Aujourd’hui, Israël est le peuple de Dieu, oui, le seul peuple de Dieu, car c’est le seul peuple qui a le droit de se défendre en attaquant tout le monde, pour un tout ou pour un rien, peu importe.
C’est Dieu Lui-même qui leur donne les informations sur tout le monde avec une exactitude divine. Voilà pourquoi ils ont le droit d’attaquer pour se défendre, et le monde occidental applaudira son attaque, car la meilleure défense est toujours l’attaque. Et tant pis si l’on s’est trompé sur les intentions nuisibles des autres que l’on aura déjà réduits en cendres. Un simple communiqué laconique pourra suivre : « Nos experts se sont trompés. Nos sincères excuses. Même si, au moins, toute attaque potentielle et nuisible est morte. Et n’oublions pas, bon Dieu a donné, et il a repris, que toute la gloire lui revienne. Quelle ironie divine ! »
Et pendant ce temps-là, en RDC, ah, la RDC, les gens mangent, boivent et surtout s’aiment, parce que qui a besoin d’une arme nucléaire quand on peut se contenter d’un bon repas ? Pardon, c’est lourd à porter. Tant qu’on peut manger, boire et aimer, merci au Dieu d’Israël pour le souffle de vie qu’Il nous accorde. Après tout, entre un ami (Israël) et un frère (le reste du monde), le choix est clair. Ah, Mobutu ! Ah, Lumumba ! Pourquoi êtes-vous morts et enterrés avec les couilles de tous les Congolais ? Peut-être qu’ils pensaient que l’amour était une arme suffisante…
Israël a fait un excellent boulot à Gaza. La civilisation a le droit d’en être fière. Mais c’est un travail laborieux. Paris ne s’est pas fait en un jour. Alors, il faut calmer les ardeurs de tout le monde. Tout le monde n’a pas le droit à l’arme ultime.

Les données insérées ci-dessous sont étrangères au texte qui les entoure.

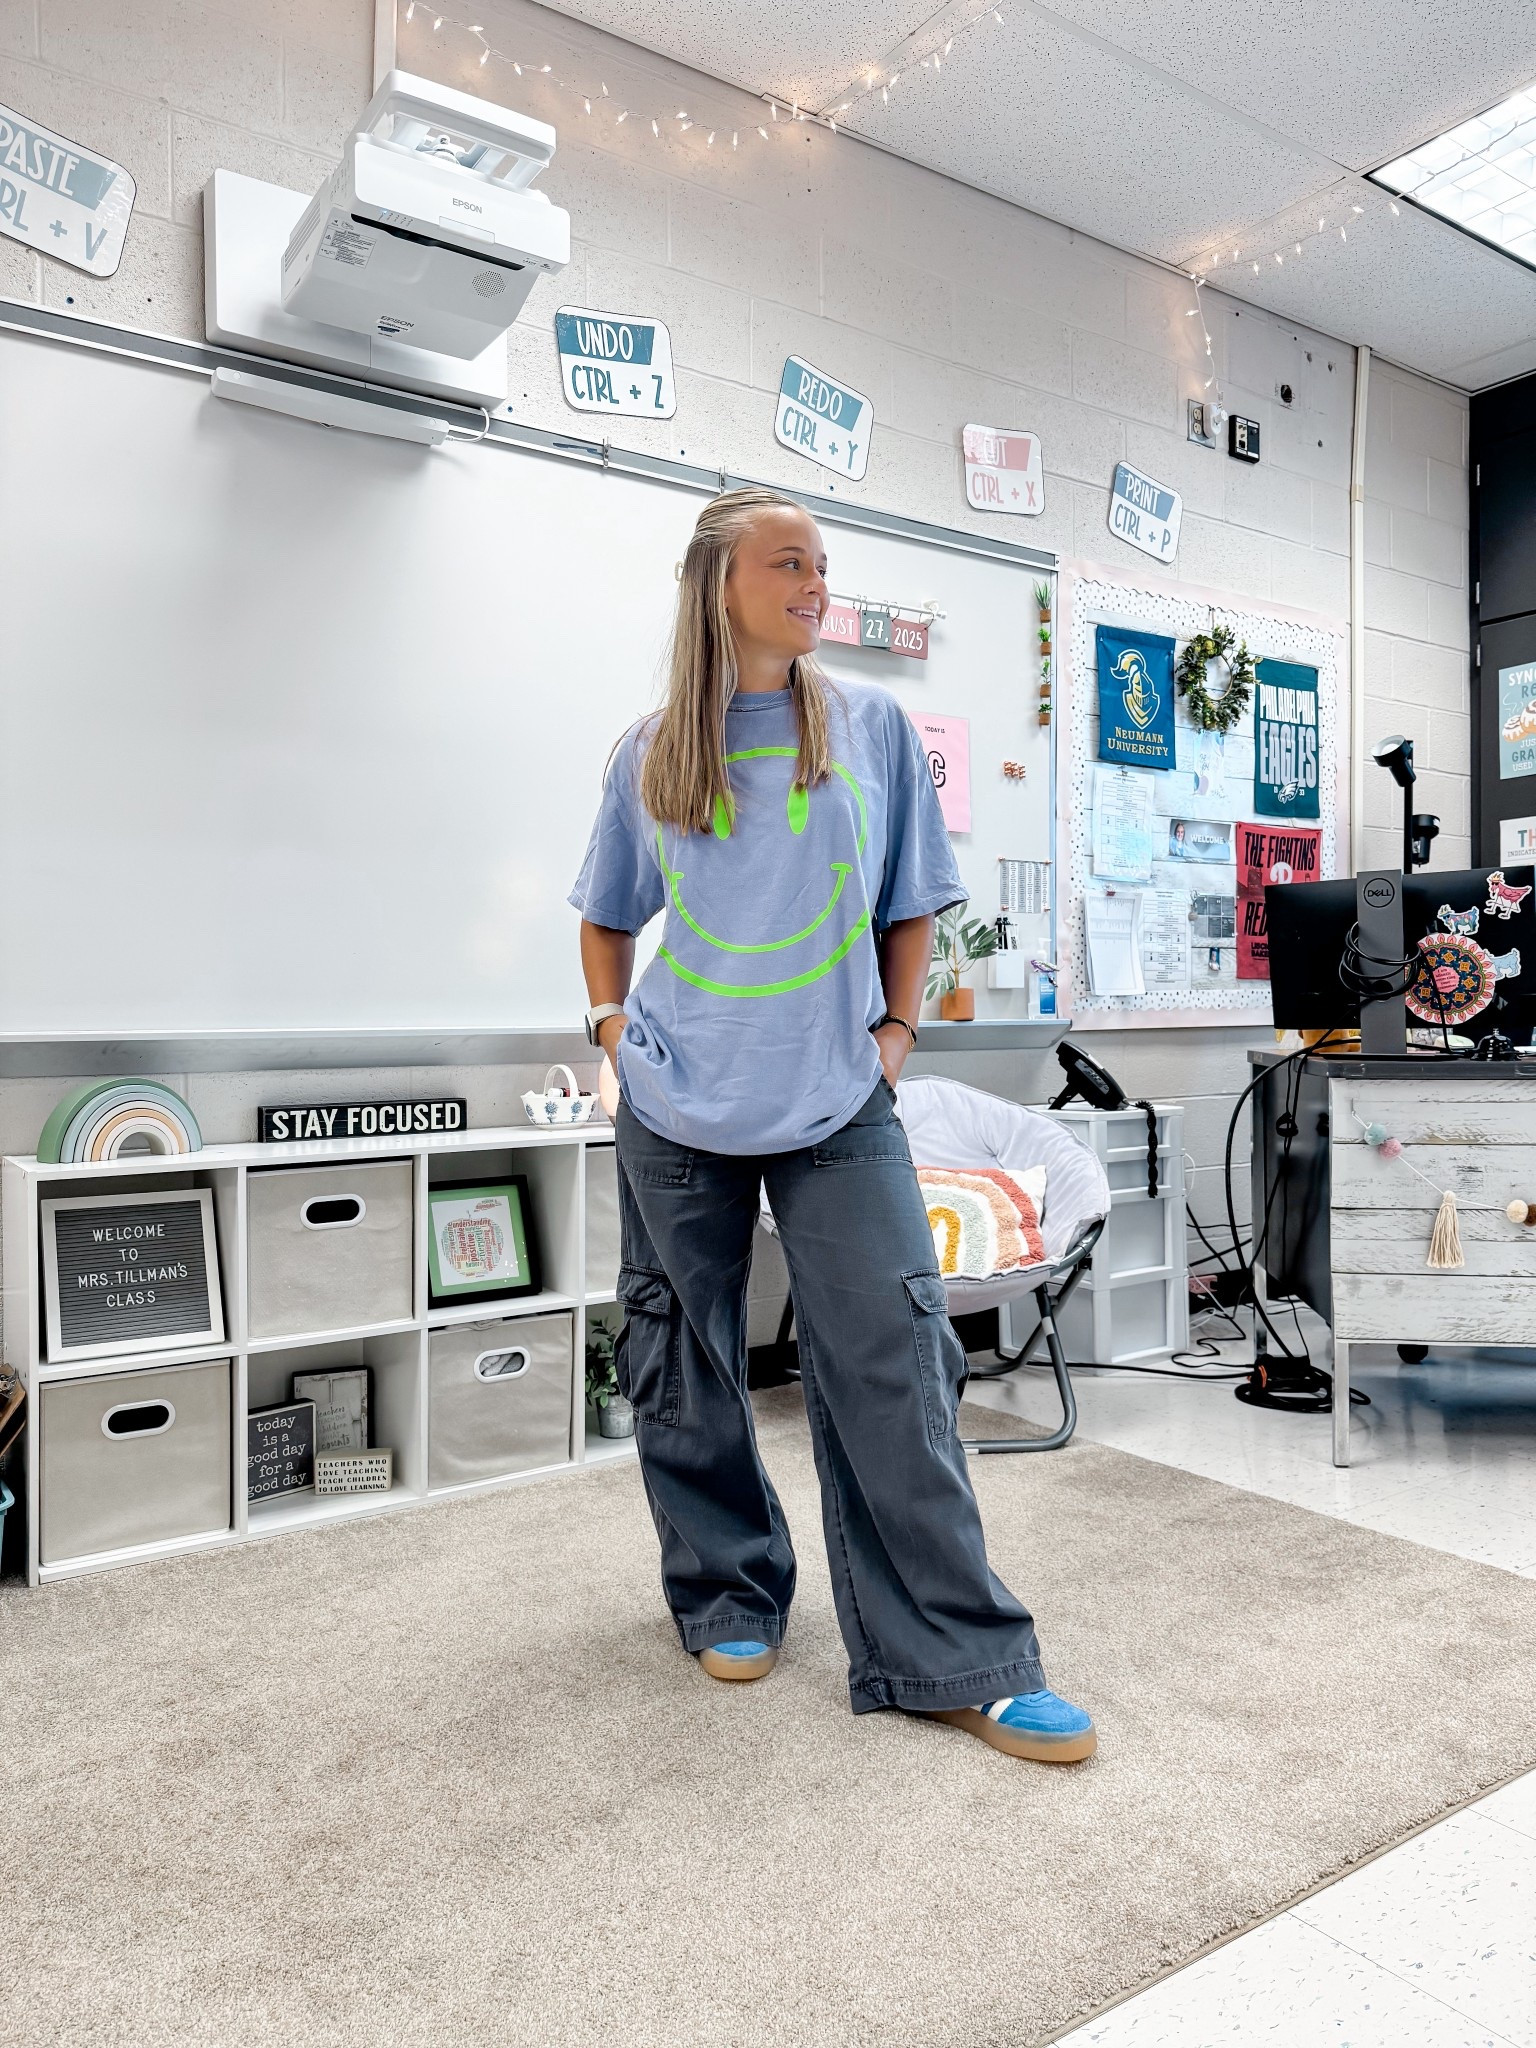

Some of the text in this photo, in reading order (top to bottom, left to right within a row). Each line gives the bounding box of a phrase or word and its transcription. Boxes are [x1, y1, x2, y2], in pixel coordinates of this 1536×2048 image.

[452, 197, 482, 214] EPSON
[0, 177, 108, 261] RL + V
[380, 315, 415, 327] EPSON
[576, 320, 633, 361] UNDO
[571, 364, 665, 409] CTRL + Z
[797, 370, 843, 421] REDO
[782, 406, 858, 470] CTRL + Y
[972, 471, 1036, 507] CTRL + X
[1124, 474, 1160, 515] PRINT
[1114, 504, 1171, 553] CTRL + P
[822, 614, 923, 650] GUST 27. 2025
[1259, 683, 1316, 726] PHILADELPHIA
[1114, 726, 1164, 744] NEUMANN
[1520, 738, 1536, 748] JUS
[1106, 737, 1169, 757] UNIVERSITY
[1259, 720, 1316, 788] EAGLES
[1512, 748, 1536, 762] GRA
[927, 750, 946, 788] C
[1512, 761, 1533, 771] USED
[1190, 833, 1225, 845] WELCOME
[1244, 831, 1317, 871] THE FIGHTINS
[1507, 848, 1536, 857] INDICATE
[1368, 888, 1391, 897] DELL
[272, 1102, 461, 1139] STAY FOCUSED
[452, 1219, 491, 1228] understanding
[93, 1224, 165, 1242] WELCOME
[119, 1248, 138, 1262] TO
[465, 1233, 479, 1262] positive
[106, 1290, 155, 1307] CLASS
[257, 1416, 296, 1432] today
[263, 1433, 290, 1447] is a
[248, 1443, 306, 1468] good day
[318, 1460, 363, 1468] TEACHERS
[259, 1461, 294, 1478] for a
[343, 1467, 387, 1475] TEACHING,
[248, 1473, 306, 1498] good day
[347, 1475, 387, 1483] CHILDREN
[350, 1483, 387, 1491] LEARNING.

Car si on enlevait à Dieu l’enfer, Il ferait peur avec quoi ou à qui ? C’est pour cela que seules quelques nations très, très responsables ont le droit d’avoir l’arme-enfer, afin qu’elles puissent effrayer tout le monde sans avoir peur de le dire.
Quand on ne possède pas l’arme-enfer, il faut obéir. Voilà le monde d’aujourd’hui, et pendant que plusieurs nations peuvent faire taire avec l’arme-enfer, Dieu, lui, nous attend encore de l’autre côté avec son enfer. Dans cette vie ou dans l’autre, les carottes, les aubergines, les bananes, sont cuites…

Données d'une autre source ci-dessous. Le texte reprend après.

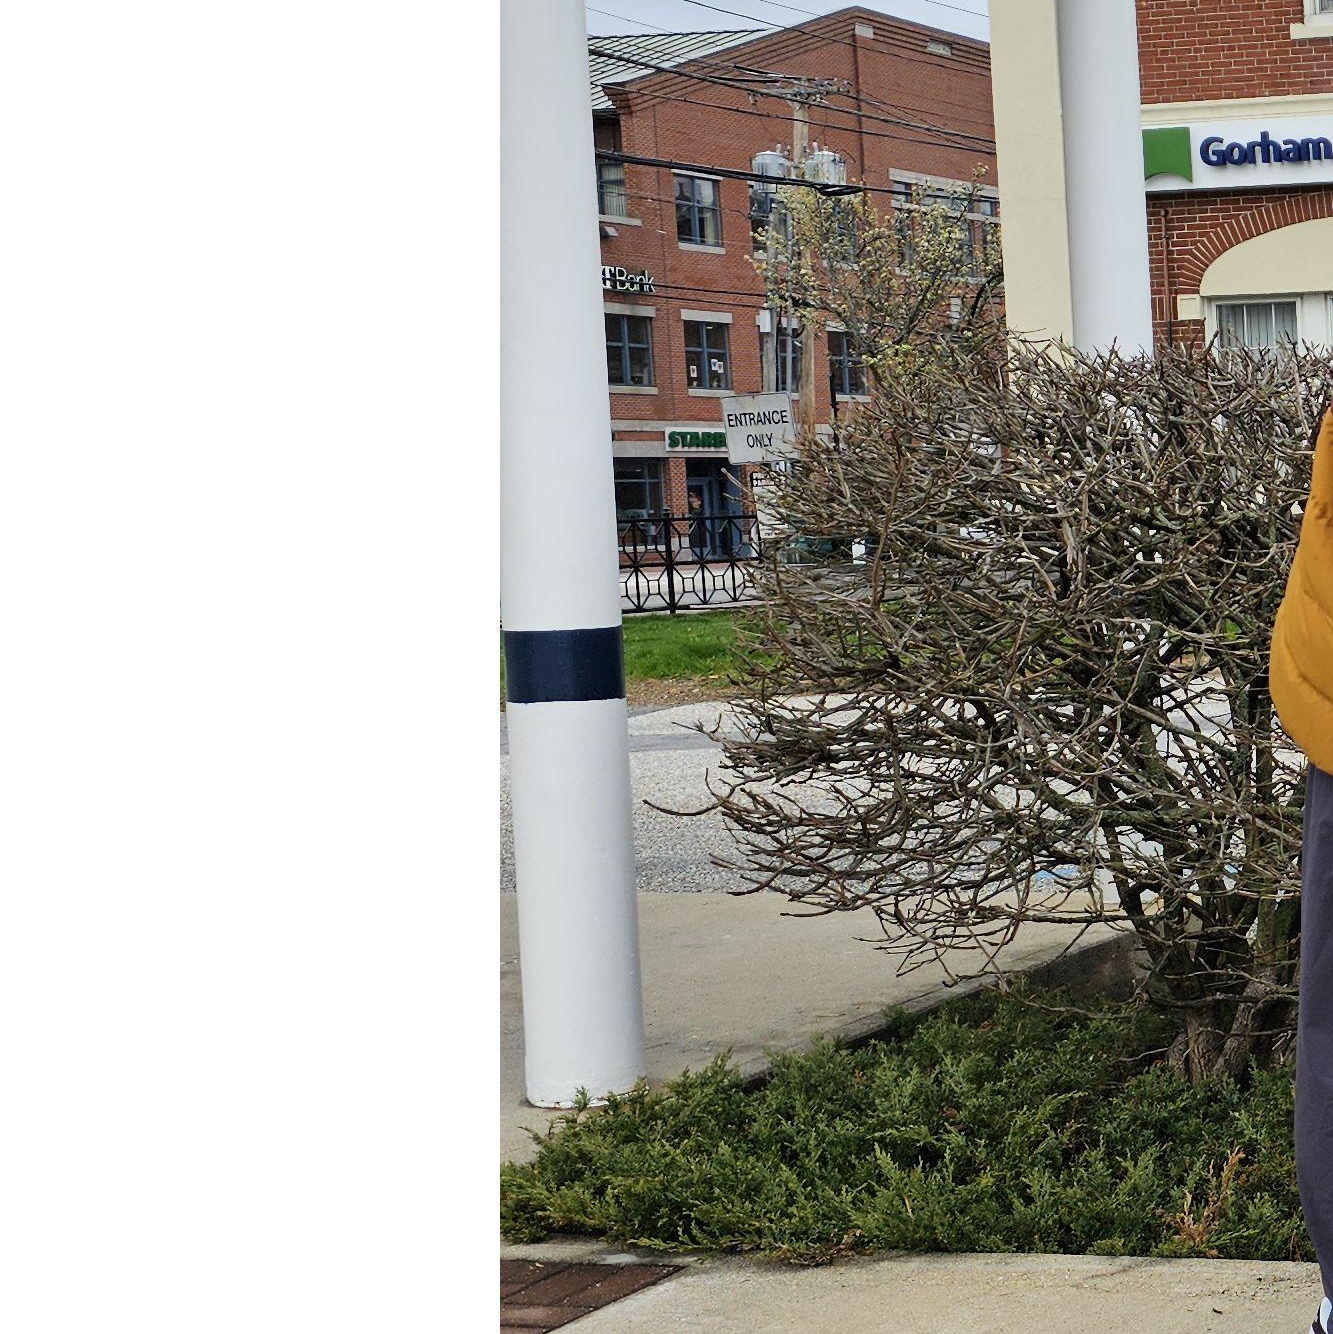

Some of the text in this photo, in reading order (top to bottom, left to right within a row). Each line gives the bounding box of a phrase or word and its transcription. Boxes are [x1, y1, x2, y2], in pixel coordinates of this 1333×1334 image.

[1199, 130, 1333, 167] Gorham
[616, 267, 656, 293] Bank
[727, 410, 789, 428] ENTRANCE
[746, 432, 774, 449] ONLY

Ainsi, dans ce grand théâtre des nations, Israël et la RDC semblent jouer des rôles diamétralement opposés. Tandis qu’Israël brandit son droit à la défense avec le soutien du monde, la RDC, elle, se débat dans l’ombre, où le droit à l’existence semble être un luxe. Comme deux faces d’une même pièce, l’une scintille sous les projecteurs, l’autre lutte pour être entendue. Dans ce ballet tragique, la voix du faible résonne, mais qui l’écoute vraiment ? L’ironie est que dans cette lutte pour la survie, les acteurs de chaque côté du miroir semblent comprendre que le véritable pouvoir réside non seulement dans les armes, mais dans la capacité à faire entendre leur voix.